#### [EXERCISE REQUIREMENTS]
The full listing should be written out verbatim, and its images should be dropped.

○ ○ ○ ○ ○ ○ ○

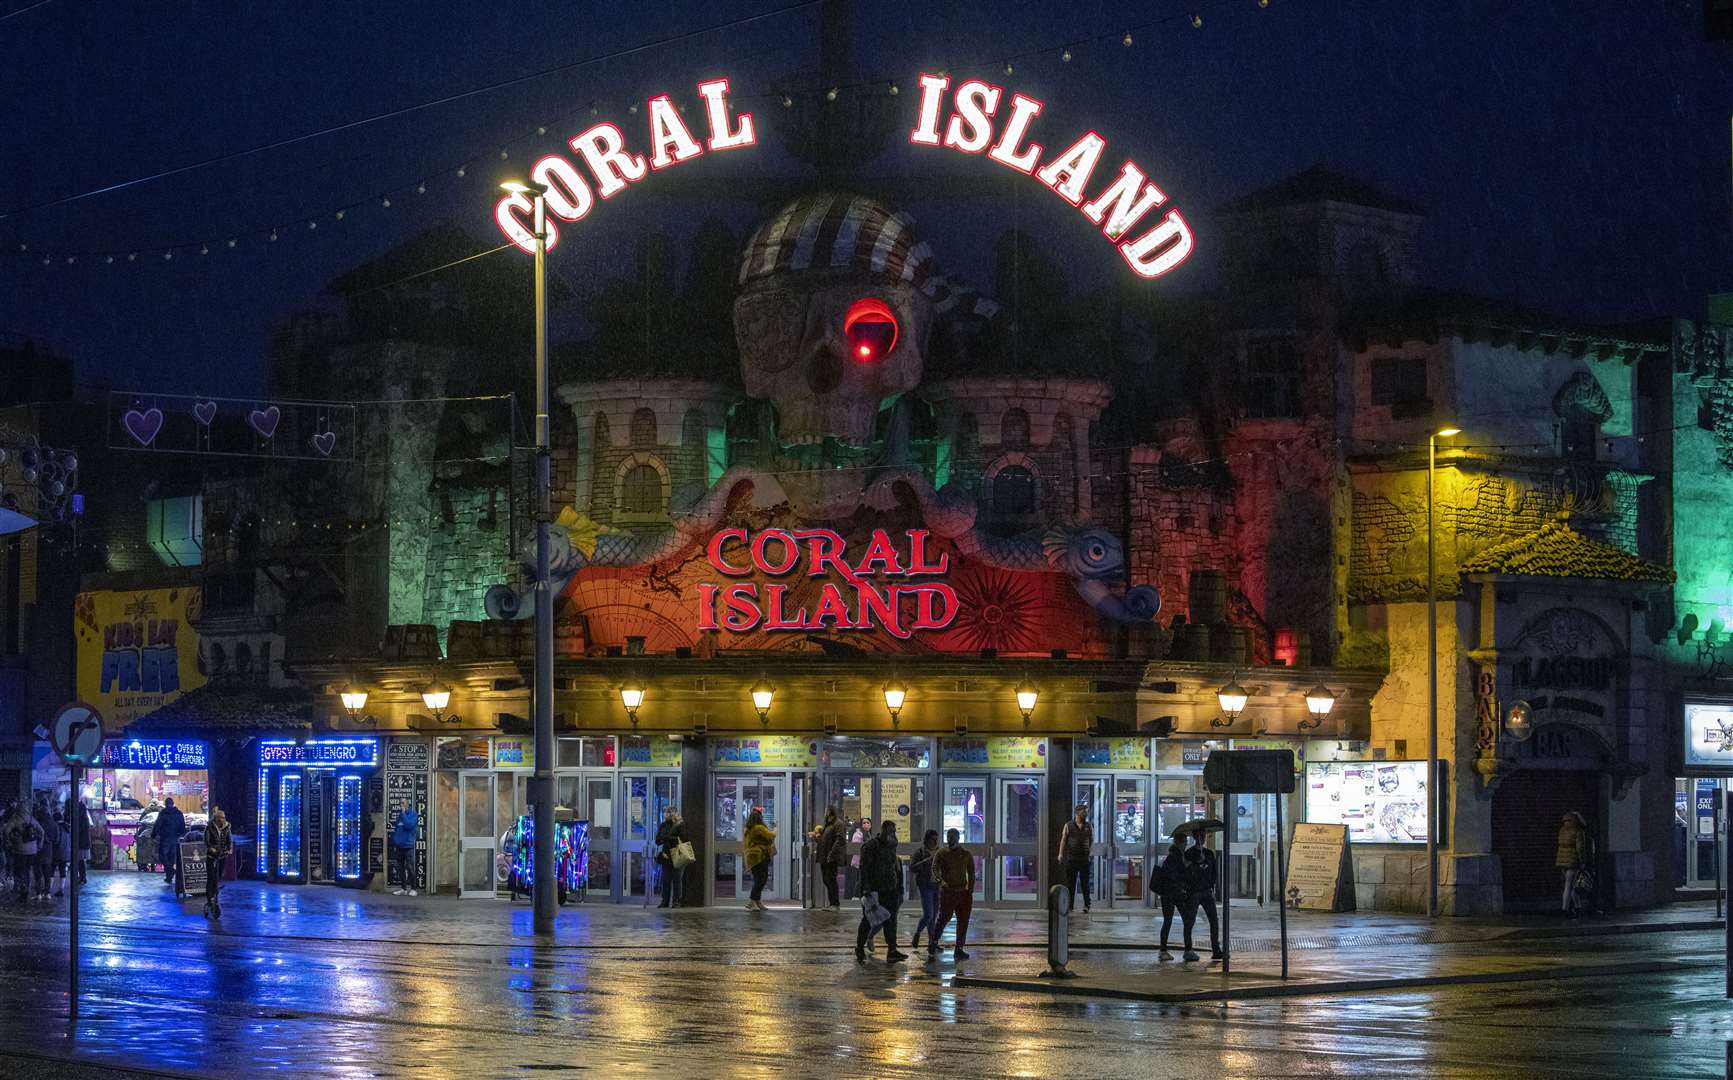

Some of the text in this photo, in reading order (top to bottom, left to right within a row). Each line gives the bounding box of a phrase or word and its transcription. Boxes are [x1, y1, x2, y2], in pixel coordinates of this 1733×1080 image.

[493, 72, 1196, 279] CORAL ISLAND
[706, 528, 948, 583] CORAL
[697, 575, 960, 638] ISLAND
[104, 622, 143, 648] KIDS
[100, 646, 180, 694] FREE
[102, 744, 173, 764] MADE FUDGE
[264, 746, 357, 760] GYPSY PEULENGRO
[398, 745, 418, 753] STOP
[1184, 753, 1201, 761] ONLY
[416, 803, 426, 887] Palmist

○ ○ ○ ○ ○ ○ ○

#### [YOUR SOLUTION]
Some of the text in this photo, in reading order (top to bottom, left to right within a row). Each line gives the bounding box of a phrase or word and its transcription. Boxes are [x1, y1, x2, y2], in pixel coordinates of this 1733×1080 image.

[493, 72, 1196, 279] CORAL ISLAND
[706, 528, 948, 583] CORAL
[697, 575, 960, 638] ISLAND
[104, 622, 143, 648] KIDS
[100, 646, 180, 694] FREE
[102, 744, 173, 764] MADE FUDGE
[264, 746, 357, 760] GYPSY PEULENGRO
[398, 745, 418, 753] STOP
[1184, 753, 1201, 761] ONLY
[416, 803, 426, 887] Palmist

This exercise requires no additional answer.